What you have to do — Reproduce all entries below verbatim. Skip the pictures.

Dataset records —

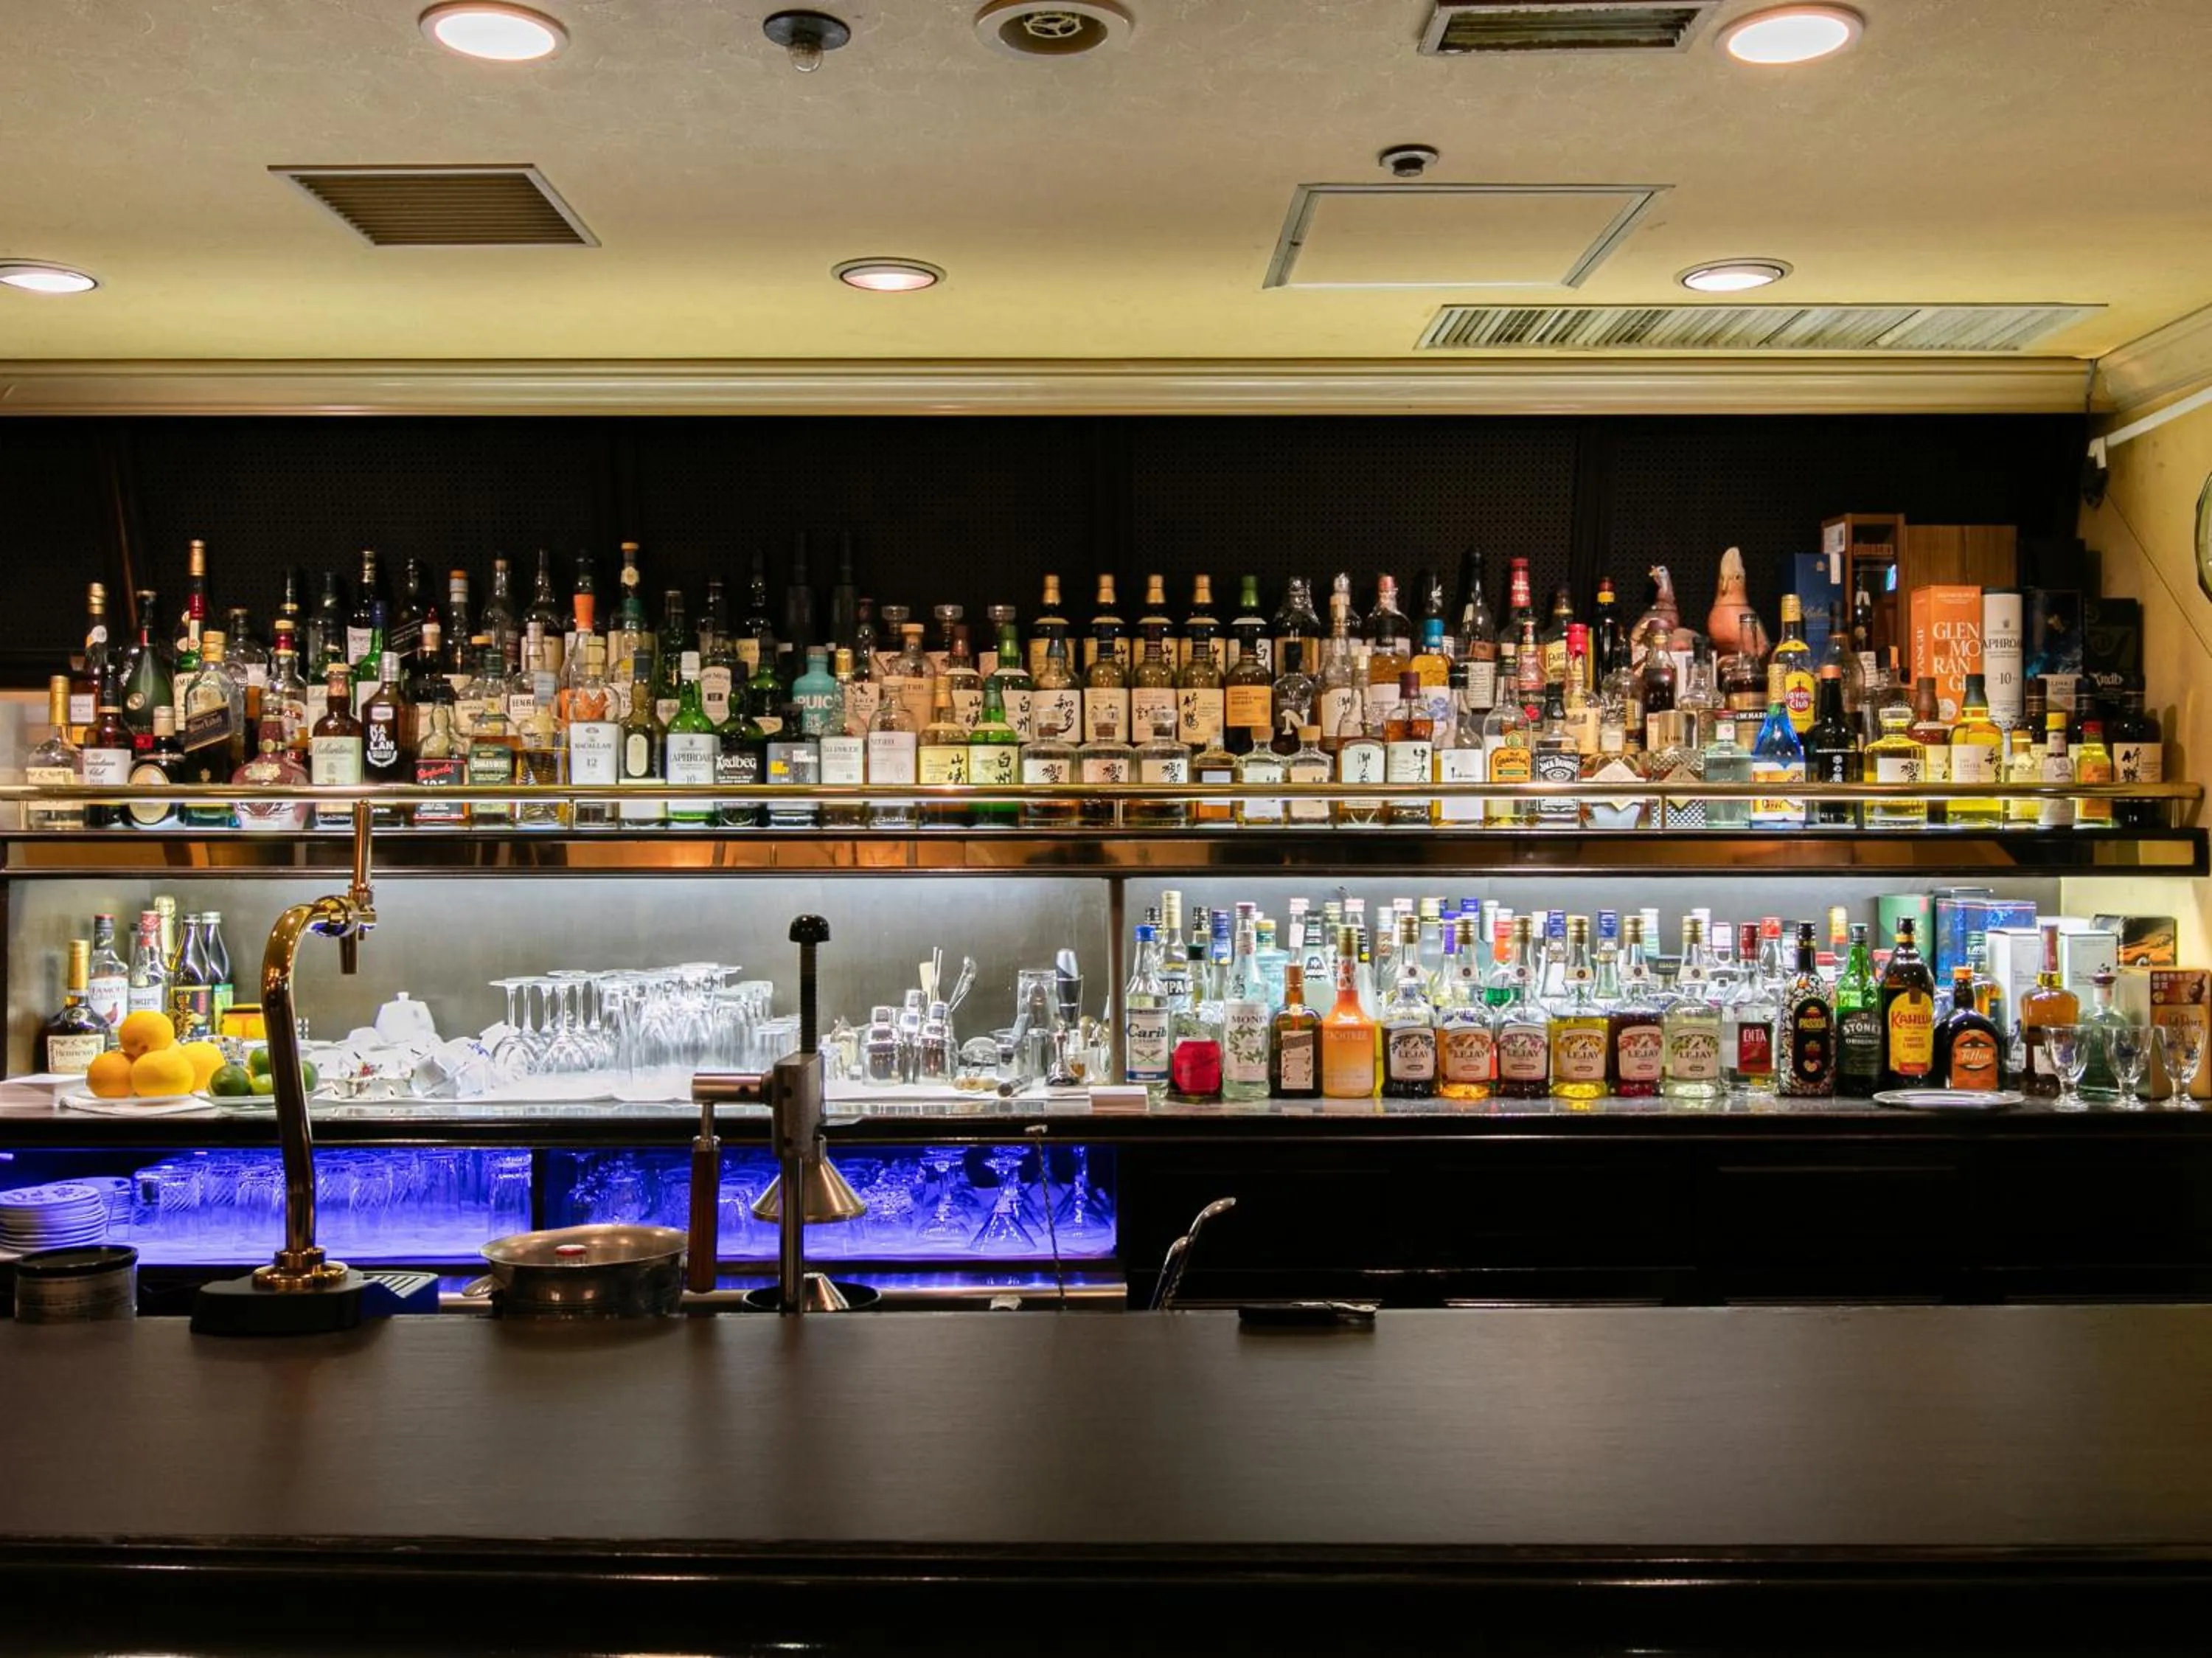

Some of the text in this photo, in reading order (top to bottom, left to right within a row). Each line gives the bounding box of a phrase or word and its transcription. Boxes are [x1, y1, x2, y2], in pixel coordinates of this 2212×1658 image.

[1933, 622, 1980, 639] GLEN
[1950, 639, 1981, 657] MO
[1933, 657, 1972, 674] RAN
[1999, 672, 2012, 685] 10
[1790, 698, 1809, 709] Club
[1281, 708, 1310, 735] N
[370, 740, 394, 750] LAN
[586, 758, 598, 768] 12
[1127, 1024, 1166, 1038] Carib
[1742, 1028, 1767, 1042] DITA
[1399, 1050, 1429, 1058] LEJAY
[1454, 1049, 1485, 1058] LEJAY
[1507, 1049, 1539, 1057] LEJAY
[1567, 1050, 1599, 1059] LEJAY
[1628, 1049, 1658, 1058] LEJAY
[1680, 1050, 1711, 1059] LEJAY
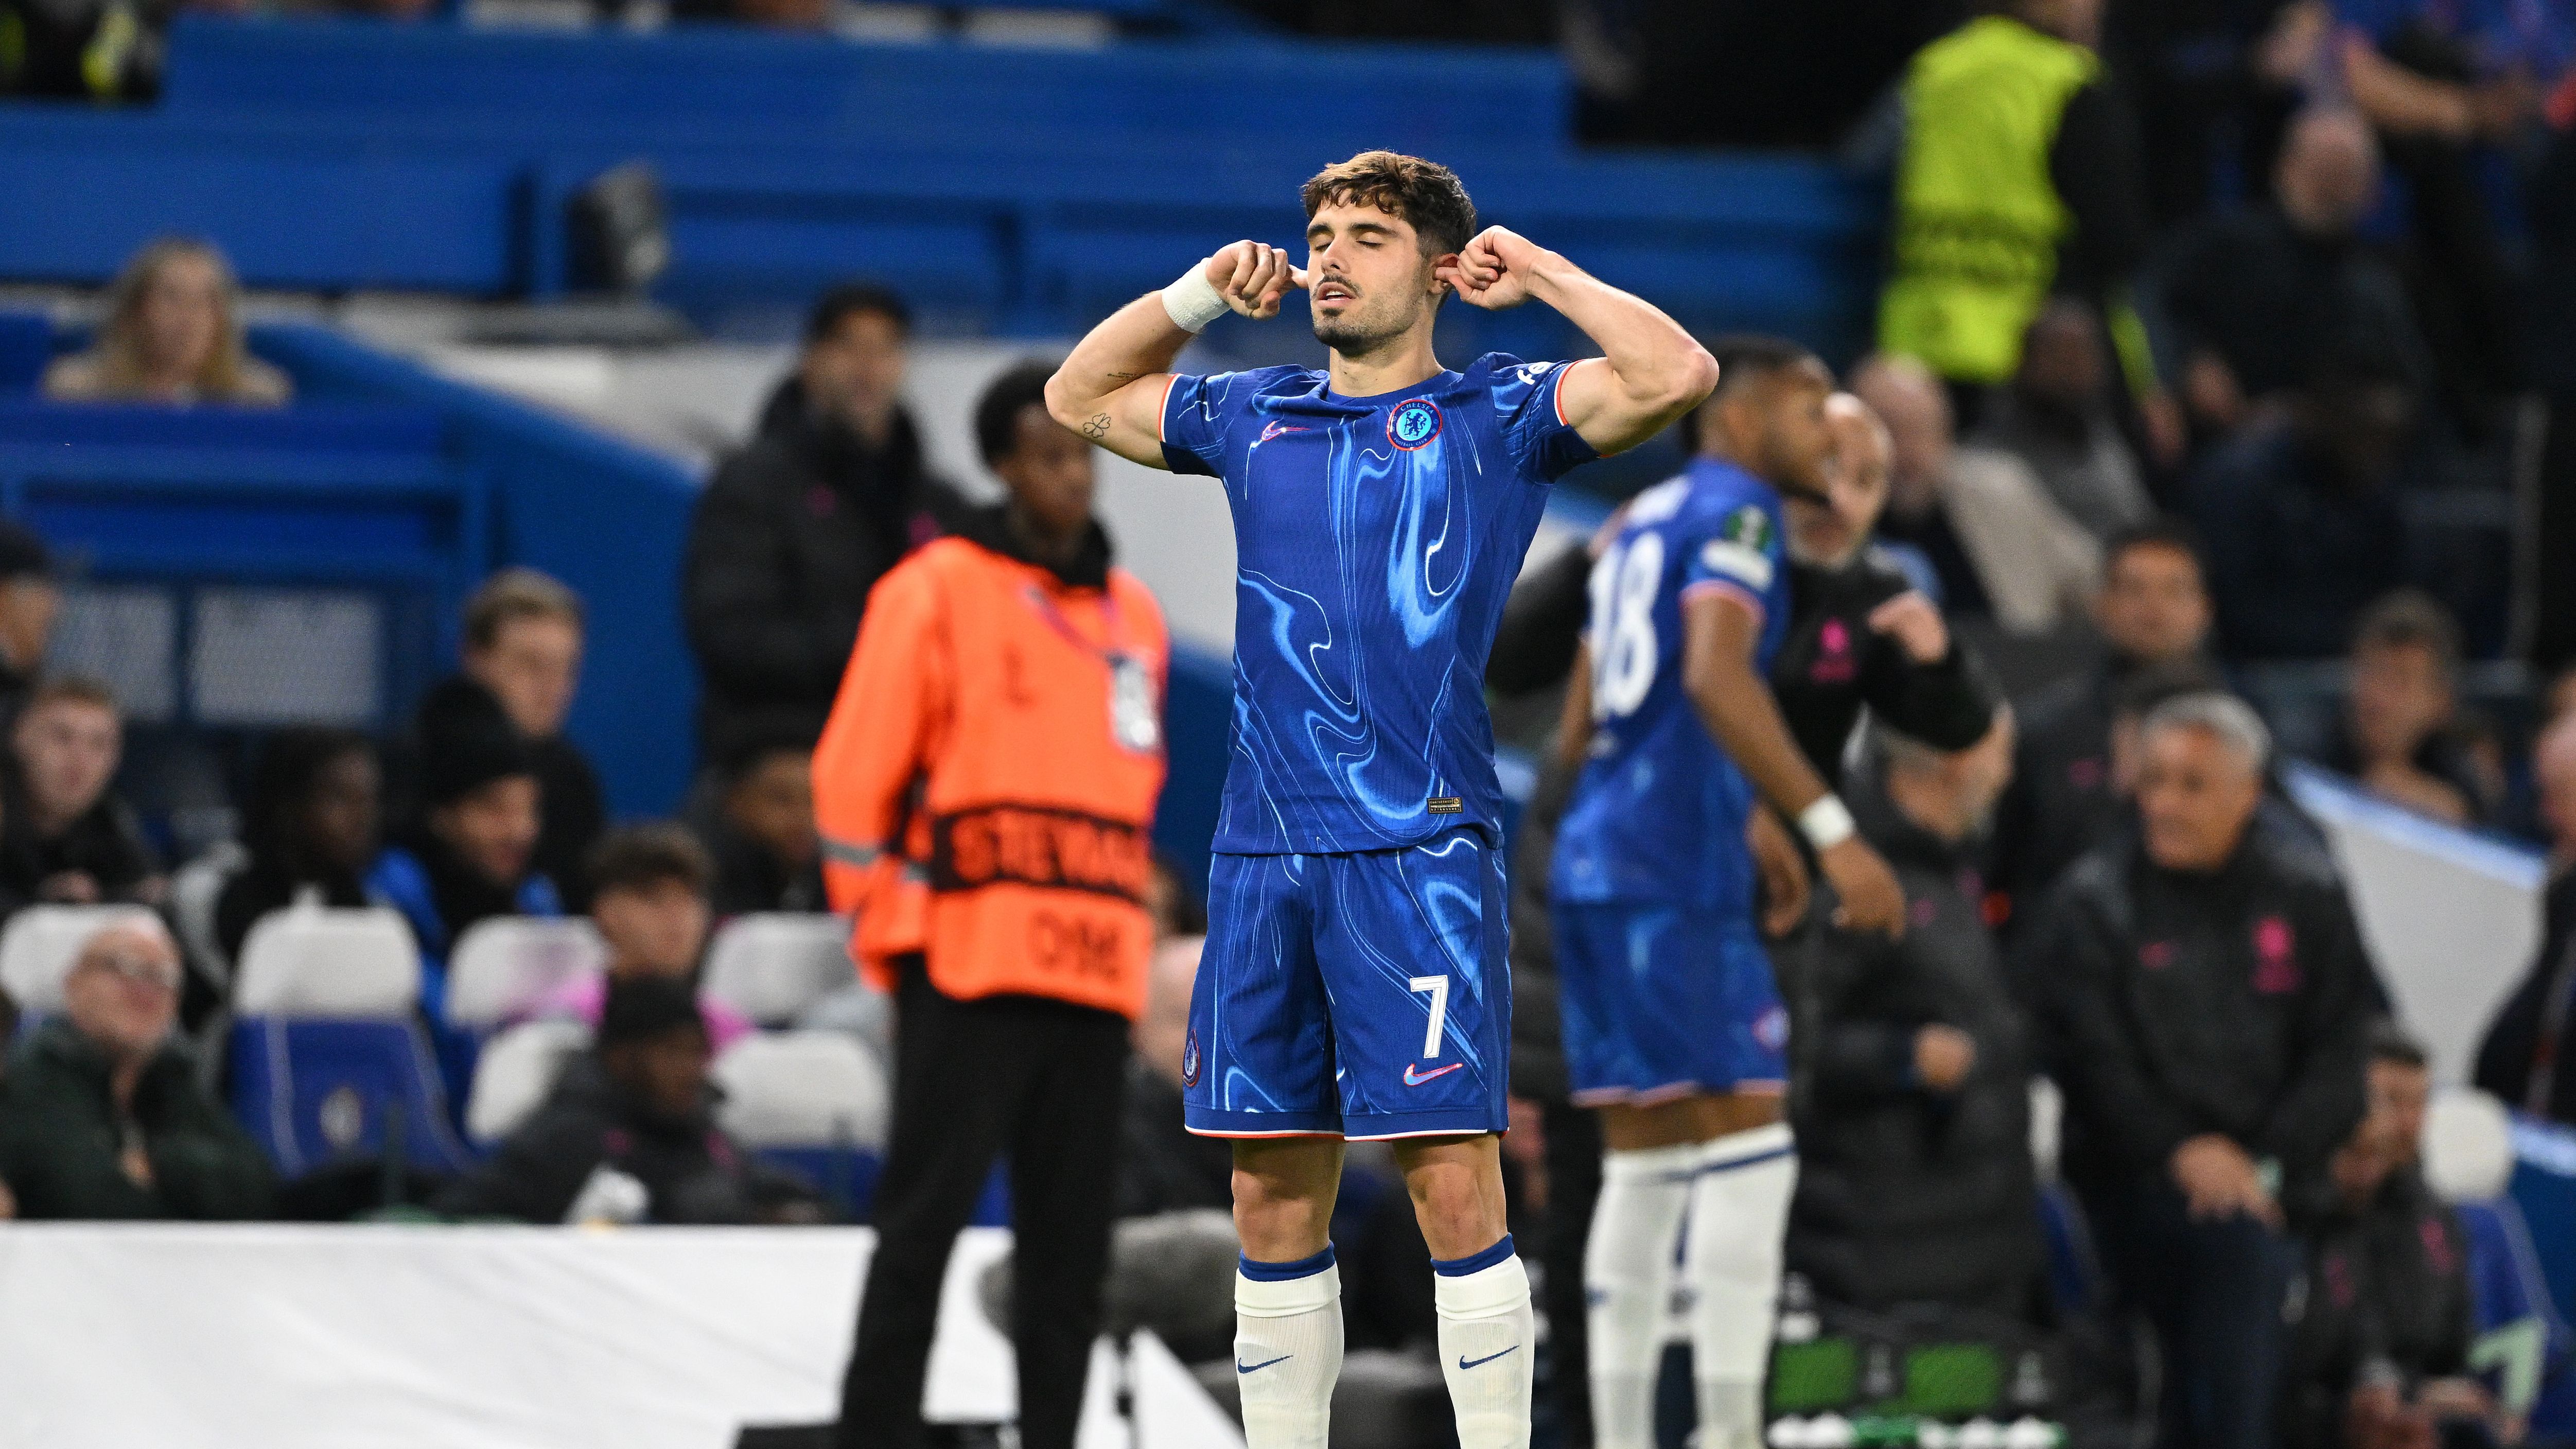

Your solution —
Some of the text in this photo, in reading order (top to bottom, left to right within a row). Each line gives the bounding box of a phrase or word and its transcription. Boxes are [x1, y1, x2, y2], in pixel coordinates of this 2212×1658 image.

[1933, 622, 1980, 639] GLEN
[1950, 639, 1981, 657] MO
[1933, 657, 1972, 674] RAN
[1999, 672, 2012, 685] 10
[1790, 698, 1809, 709] Club
[1281, 708, 1310, 735] N
[370, 740, 394, 750] LAN
[586, 758, 598, 768] 12
[1127, 1024, 1166, 1038] Carib
[1742, 1028, 1767, 1042] DITA
[1399, 1050, 1429, 1058] LEJAY
[1454, 1049, 1485, 1058] LEJAY
[1507, 1049, 1539, 1057] LEJAY
[1567, 1050, 1599, 1059] LEJAY
[1628, 1049, 1658, 1058] LEJAY
[1680, 1050, 1711, 1059] LEJAY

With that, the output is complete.